The appointment of Fredi Bobic as sporting director last July should have been the first step towards a credible plan for future success, but it is remarkable that despite installing a leader with vision and having funds available, hope is in short supply. “I’ve been a Hertha member since I was eight years old,” wrote Florian Comtesse in Monday’s Bild. “ I’ve been through two relegations but I’ve never been as disappointed as I am right now. I’m so tired of Hertha at the moment.” With so many teams with issues in the relegation scrap Hertha might be able to survive without genuine improvement – but it has reached the point where things can hardly get any worse.
• Dortmund tightened their grip on second place with an impressive 3-2 win at Hoffenheim – impressive not in that BVB dominated, but in their ability to minimise profligacy at either end of the pitch. Home coach Sebastian Hoeness spoke of Dortmund’s two goals to quell his team’s surge at the start of the second half (a Marco Reus strike and a David Raum own goal) as being “in the style of a top team,” and this felt far more controlled from Marco Rose’s side, with Donyell Malen shining and laying on all three goals.
• It wasn’t all great for BVB though, with Erling Haaland withdrawn in clear discomfort having opened the scoring, a thigh muscle injury looking the likely cause. The Bundesliga’s short hiatus is probably well-timed. “The break is not inconvenient for us,” noted Rose.
• Another team licking their wounds from an early Pokal exit were Borussia Mönchengladbach, but maybe a humiliating elimination at second-tier Hannover wasn’t the nadir of their week as they were beaten at home again, this time by Union. Any side that scores a team goal of the quality of Manu Koné’s equaliser really shouldn’t be anywhere near the foot of the table – but there they are, held back by the desperate form of forwards Alessane Pléa and Marcus Thuram, questionable defending and a difficult-to-discern philosophy. Bild reported that Adi Hütter will be given the 14-day break to “finally inject his ideas into the team” – not least because he would be very expensive to fire, one assumes. The gloom was accentuated by modest Union’s win helping them crack the top four on the back of an expertly taken brace by former Gladbach star Max Kruse.
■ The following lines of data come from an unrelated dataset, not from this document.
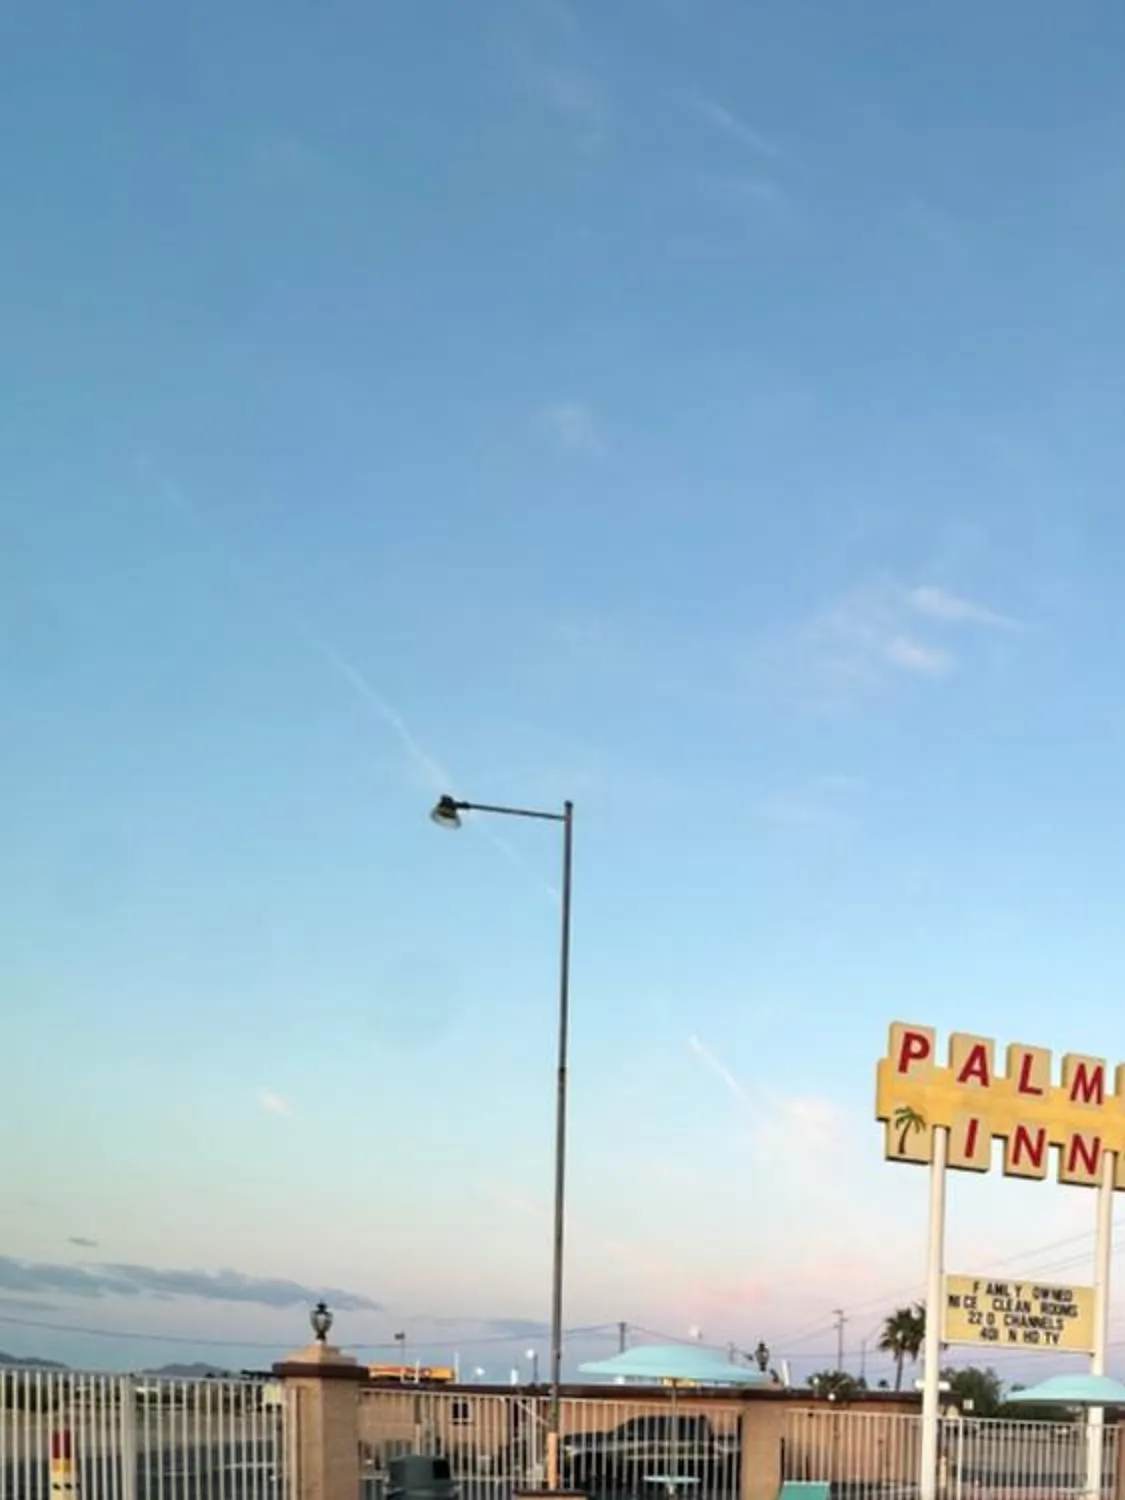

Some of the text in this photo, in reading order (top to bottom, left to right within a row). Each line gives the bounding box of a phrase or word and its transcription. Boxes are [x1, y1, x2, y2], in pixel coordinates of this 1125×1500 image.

[964, 1118, 1101, 1175] INN
[1032, 1286, 1074, 1303] OWNED
[948, 1294, 1078, 1318] NICE CLEAN ROOMS
[1004, 1313, 1064, 1331] CHANNELS
[1044, 1331, 1061, 1345] TV
• It’s now two points from the last nine Bundesliga games for Wolfsburg (11 winless overall) after Sunday’s defeat at Leipzig, who are slowly creeping up on the top four under Domenico Tedesco. It is thought that Die Wölfe, will delay any decision on the future of Florian Kohfeldt (who praised his side for a “really good performance” despite the loss), though he must surely beat bottom side Greuther Fürth next time out to continue.
• Can we call Fürth in form? They bagged a second win of the season on Saturday, over Mainz, both achieved in the last six Bundesliga games, a space of time in which they’ve only lost once. Stefan Leitl’s team remain nine points adrift of third-bottom, the relegation play-off spot, but there is momentum – and confidence, as shown by Jeremy Dudziak’s delightful finish for the opener. “We’ll just see where the journey goes,” said Leitl.
• Leverkusen consolidated third place after hammering Augsburg 5-1, with Moussa Diaby hitting a sublime hat-trick. It was also a good weekend off the pitch as the club announced the signing of prolific Iranian striker Sardar Azmoun, who will arrive on a free from Zenit St Petersburg in the summer.